Background: Initiating antenatal care within the first trimester and making at least four visits during pregnancy are recommended to enable screening and support for healthy lifestyles, well-being, and self-care in pregnancy. Due to glaring evidence on inequalities in access to antenatal care, this study assessed the effect of engaging community health structures on utilization of antenatal care services during pregnancy in resource-constrained rural settings in Uganda.
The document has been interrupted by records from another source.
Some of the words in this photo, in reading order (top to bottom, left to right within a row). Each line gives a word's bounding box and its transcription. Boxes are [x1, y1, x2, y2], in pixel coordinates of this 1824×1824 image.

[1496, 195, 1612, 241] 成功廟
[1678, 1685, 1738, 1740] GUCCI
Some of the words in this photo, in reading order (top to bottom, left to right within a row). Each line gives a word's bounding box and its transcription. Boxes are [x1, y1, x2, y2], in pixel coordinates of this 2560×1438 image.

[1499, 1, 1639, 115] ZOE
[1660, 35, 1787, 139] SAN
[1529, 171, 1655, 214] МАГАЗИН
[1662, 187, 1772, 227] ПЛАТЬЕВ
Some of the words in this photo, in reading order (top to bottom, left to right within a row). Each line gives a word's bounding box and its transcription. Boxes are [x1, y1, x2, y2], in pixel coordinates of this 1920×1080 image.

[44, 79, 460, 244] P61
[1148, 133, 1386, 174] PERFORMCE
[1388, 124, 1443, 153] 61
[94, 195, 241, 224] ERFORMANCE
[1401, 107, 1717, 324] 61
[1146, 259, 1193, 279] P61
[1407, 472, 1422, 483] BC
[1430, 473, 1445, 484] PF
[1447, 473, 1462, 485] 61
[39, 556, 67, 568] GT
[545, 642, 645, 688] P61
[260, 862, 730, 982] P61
Methods: A quasi-experimental evaluation study was conducted among mothers in Eastern Uganda. The intervention components included community dialogues and empowering community health workers to sensitize expectant mothers on the use of maternal health services, and health facility strengthening. The primary outcomes were early initiation of antenatal care and completion of at least 4 ANC visits. We used Difference in Differences (DiD) analysis and multivariate regression to assess the effect of the intervention on ANC attendance.
Results: Early initiation of antenatal care increased from 35.7% to 48.1% in the intervention area and 26.9% to 40.7% in the control area but with a non-significant net change of -1.3% (DID, p = 0.733) in the intervention area with respect to changes in the control area. The DiD results revealed the intervention resulted in a 5.5% net significant improvement in attendance of at least 4 ANC visits (p= 0.037). Higher education level of husband (PR1.19,95%CI 1.02–1.39), higher household size (PR=0.81, 95%CI 0.70–0.95), and higher wealth index (PR1.19,95%CI 1.03–1.37) predicted early initiation. Making at least 4 visits for antenatal care was influenced by post-primary education (PR1.14, 95%CI 1.02–1.30), higher wealth quintile (PR1.17, 95%CI 1.06 – 1.30), early initiation (PR1.58, 95%CI 1.49–1.68), and the community intervention (PR1.16, 95%CI 1.01–1.33).
Conclusion: Although the community intervention improved the attendance of at least four antenatal care visits, effect estimates are low hence raising scepticisms on the feasibility of at least 8 visits as per the new WHO recommendations. Women with less education should be prioritized in maternal and child health (MCH) interventions as their families need economic empowerment to reduce financial barriers when access MCH services.